- Directions for this task -
Could you transcribe all of the data word for word?

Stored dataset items
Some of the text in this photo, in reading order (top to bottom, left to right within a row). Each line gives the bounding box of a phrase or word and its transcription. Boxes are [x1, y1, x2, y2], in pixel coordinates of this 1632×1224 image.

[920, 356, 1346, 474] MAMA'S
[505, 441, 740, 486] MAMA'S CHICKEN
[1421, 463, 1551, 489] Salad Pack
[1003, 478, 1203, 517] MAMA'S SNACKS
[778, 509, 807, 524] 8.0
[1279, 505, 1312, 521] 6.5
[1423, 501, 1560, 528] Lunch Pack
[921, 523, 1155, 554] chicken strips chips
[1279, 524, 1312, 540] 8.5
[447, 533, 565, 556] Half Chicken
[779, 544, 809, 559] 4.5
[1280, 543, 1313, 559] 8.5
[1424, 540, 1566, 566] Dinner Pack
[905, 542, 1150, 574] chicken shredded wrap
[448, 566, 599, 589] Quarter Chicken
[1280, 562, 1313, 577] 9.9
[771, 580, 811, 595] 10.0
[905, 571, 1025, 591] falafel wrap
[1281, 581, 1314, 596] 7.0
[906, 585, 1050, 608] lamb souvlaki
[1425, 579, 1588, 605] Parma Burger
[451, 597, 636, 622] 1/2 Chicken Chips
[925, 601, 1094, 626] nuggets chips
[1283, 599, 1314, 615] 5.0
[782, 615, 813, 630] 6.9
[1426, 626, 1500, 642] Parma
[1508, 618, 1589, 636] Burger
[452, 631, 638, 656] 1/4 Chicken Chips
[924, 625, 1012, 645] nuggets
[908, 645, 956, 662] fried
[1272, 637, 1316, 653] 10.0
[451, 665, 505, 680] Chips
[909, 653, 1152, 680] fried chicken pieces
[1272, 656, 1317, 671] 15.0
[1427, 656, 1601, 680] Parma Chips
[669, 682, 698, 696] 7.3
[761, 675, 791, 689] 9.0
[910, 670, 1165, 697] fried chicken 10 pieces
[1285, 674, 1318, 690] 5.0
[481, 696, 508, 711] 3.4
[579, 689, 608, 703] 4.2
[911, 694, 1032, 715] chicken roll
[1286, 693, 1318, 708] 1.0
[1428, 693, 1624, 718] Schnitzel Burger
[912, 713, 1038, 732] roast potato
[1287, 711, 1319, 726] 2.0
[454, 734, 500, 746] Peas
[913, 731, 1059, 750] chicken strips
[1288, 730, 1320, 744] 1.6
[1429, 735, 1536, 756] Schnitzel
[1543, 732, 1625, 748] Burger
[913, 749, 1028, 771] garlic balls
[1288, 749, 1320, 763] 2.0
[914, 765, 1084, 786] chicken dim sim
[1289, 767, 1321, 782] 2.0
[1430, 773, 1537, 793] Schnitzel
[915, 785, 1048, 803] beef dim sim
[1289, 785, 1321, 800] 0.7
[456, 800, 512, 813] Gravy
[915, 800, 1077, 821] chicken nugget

- Output of the exercise -
Some of the text in this photo, in reading order (top to bottom, left to right within a row). Each line gives the bounding box of a phrase or word and its transcription. Boxes are [x1, y1, x2, y2], in pixel coordinates of this 1632×1224 image.

[920, 356, 1346, 474] MAMA'S
[505, 441, 740, 486] MAMA'S CHICKEN
[1421, 463, 1551, 489] Salad Pack
[1003, 478, 1203, 517] MAMA'S SNACKS
[778, 509, 807, 524] 8.0
[1279, 505, 1312, 521] 6.5
[1423, 501, 1560, 528] Lunch Pack
[921, 523, 1155, 554] chicken strips chips
[1279, 524, 1312, 540] 8.5
[447, 533, 565, 556] Half Chicken
[779, 544, 809, 559] 4.5
[1280, 543, 1313, 559] 8.5
[1424, 540, 1566, 566] Dinner Pack
[905, 542, 1150, 574] chicken shredded wrap
[448, 566, 599, 589] Quarter Chicken
[1280, 562, 1313, 577] 9.9
[771, 580, 811, 595] 10.0
[905, 571, 1025, 591] falafel wrap
[1281, 581, 1314, 596] 7.0
[906, 585, 1050, 608] lamb souvlaki
[1425, 579, 1588, 605] Parma Burger
[451, 597, 636, 622] 1/2 Chicken Chips
[925, 601, 1094, 626] nuggets chips
[1283, 599, 1314, 615] 5.0
[782, 615, 813, 630] 6.9
[1426, 626, 1500, 642] Parma
[1508, 618, 1589, 636] Burger
[452, 631, 638, 656] 1/4 Chicken Chips
[924, 625, 1012, 645] nuggets
[908, 645, 956, 662] fried
[1272, 637, 1316, 653] 10.0
[451, 665, 505, 680] Chips
[909, 653, 1152, 680] fried chicken pieces
[1272, 656, 1317, 671] 15.0
[1427, 656, 1601, 680] Parma Chips
[669, 682, 698, 696] 7.3
[761, 675, 791, 689] 9.0
[910, 670, 1165, 697] fried chicken 10 pieces
[1285, 674, 1318, 690] 5.0
[481, 696, 508, 711] 3.4
[579, 689, 608, 703] 4.2
[911, 694, 1032, 715] chicken roll
[1286, 693, 1318, 708] 1.0
[1428, 693, 1624, 718] Schnitzel Burger
[912, 713, 1038, 732] roast potato
[1287, 711, 1319, 726] 2.0
[454, 734, 500, 746] Peas
[913, 731, 1059, 750] chicken strips
[1288, 730, 1320, 744] 1.6
[1429, 735, 1536, 756] Schnitzel
[1543, 732, 1625, 748] Burger
[913, 749, 1028, 771] garlic balls
[1288, 749, 1320, 763] 2.0
[914, 765, 1084, 786] chicken dim sim
[1289, 767, 1321, 782] 2.0
[1430, 773, 1537, 793] Schnitzel
[915, 785, 1048, 803] beef dim sim
[1289, 785, 1321, 800] 0.7
[456, 800, 512, 813] Gravy
[915, 800, 1077, 821] chicken nugget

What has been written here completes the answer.